There will be ways in which patients will benefit in the future that they may not appreciate. For the last 2500 years they have been vulnerable to the “art of medicine”. The art and intuition of medical experts is a source of error and much human suffering, despite the insistence of some that traditional medical practice should be treated like a religion. Doctors and nurses spending time with patients in an understanding and supportive way in therapeutic relationships will always be the core of practice.  We stand in awe of what a caring clinician can do when supported well enough to spend as much time as it takes to give every patient what they need in a timely fashion.
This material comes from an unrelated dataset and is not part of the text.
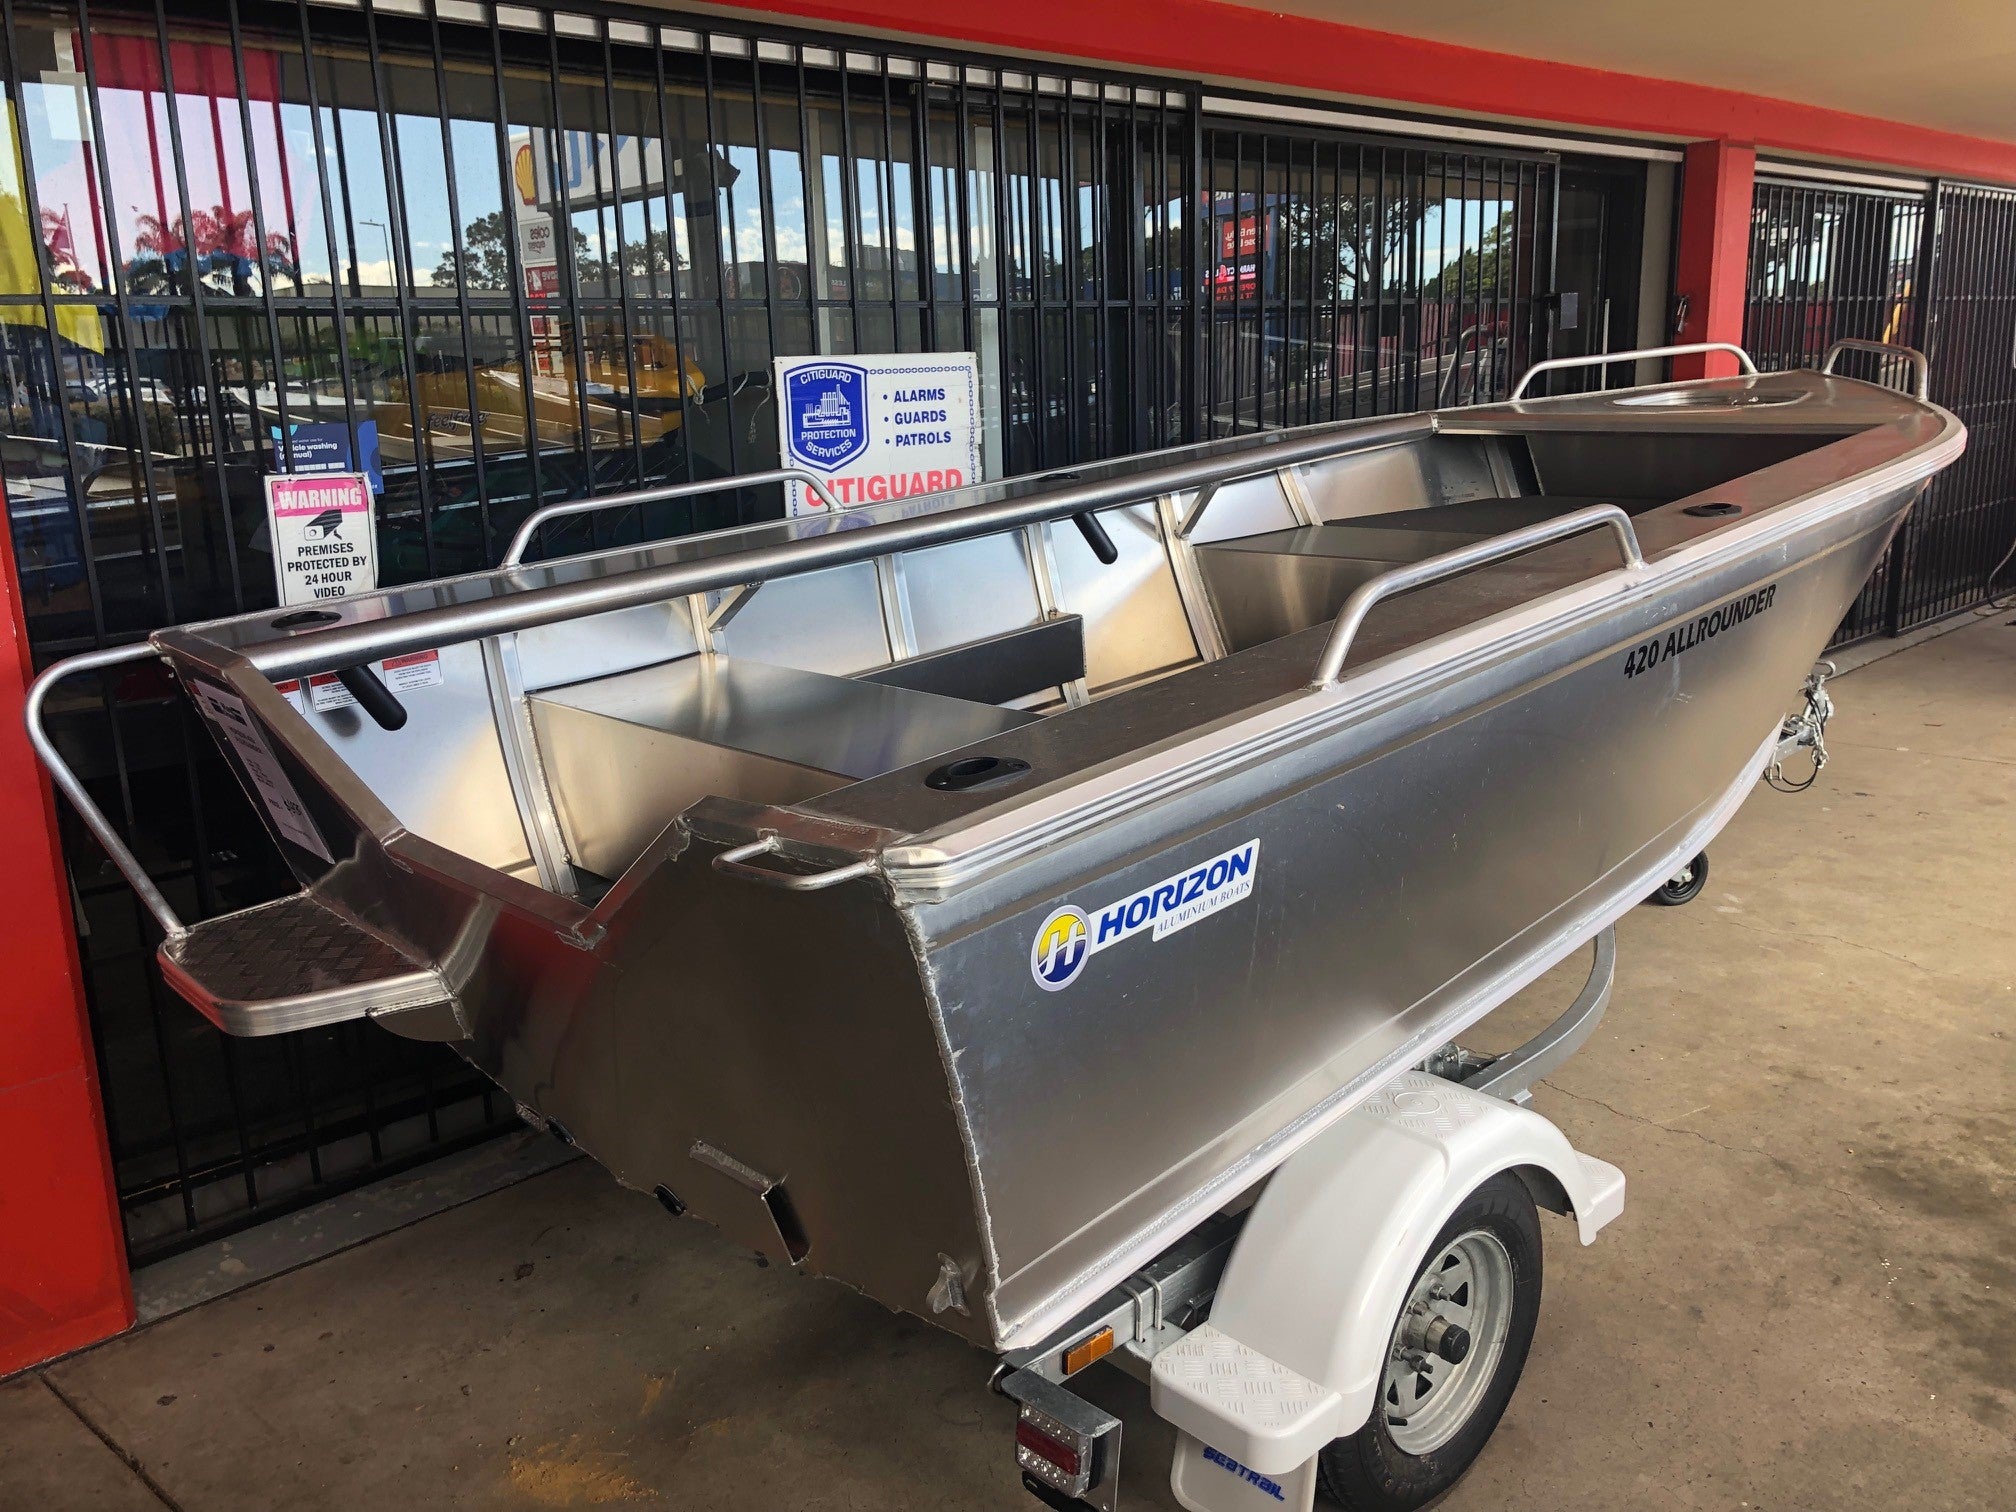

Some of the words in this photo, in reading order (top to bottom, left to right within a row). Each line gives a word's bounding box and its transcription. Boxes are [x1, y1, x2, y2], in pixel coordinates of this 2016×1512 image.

The only way that it will be possible in the future for us to protect time and offer it to everyone who needs it by improving our work flows. With tools like Lean we will create the workflows that free up the time to provide the presense and time of the doctors, nurses, and other medical professionals at the right moment when there is the greatest possibility of benefit. The benefits of digital technology are going to eventually knock down or go around the barriers raised by those who call progress a “loss of clinical values”.

I see the patient of the future no more desirous of coming to the office for a BP check or advice managing their cholesterol or diabetes than they would be now using a telephone with a dial on it. Patients, through their demands, and those who pay for their care will eventually partner with clinicians and systems that care to co create the care that we will need in the future. I predict that the models of care and the ways that care will be delivered will make our current processes of care delivery look about as quaint and as out of date as approaching peptic ulcers with a bland diet, antacids and a gastrectomy.

One of the things I enjoy the most these days is looking at innovations, high tech and low tech, and thinking back over the innovations that I have experienced in life, and realizing that progress in science and engineering has been geometric. We had no fiber optics; we had no echos; we had no CT scans or MRIs when Medicare was passed in 1965. We now have many more things to offer but their benefit and distribution are encumbered by our ineptitude with equitable distribution. We often can’t get what we have to those who need it, when they need it. Our failure arises in part because we still have the basic finance of 1965 and much of the medical mindset and culture of 1965. It is our finance, our preferred work flows, and perhaps in part, our nostalgia for an era when many had no coverage for care and depended “on the kindness of others”. The patient of tomorrow will get her questions answered or move on to see someone in a system of care that embraces the possible, even if that embrace requires some change and adaptation.

McVie had it right. Let’s not stop thinking about tomorrow. Tomorrow will be a better day when yesterday is gone. Patients will see things in a different way..It’ll be better than before…Why not think about times to come…Don’t stop, it’ll soon be here.”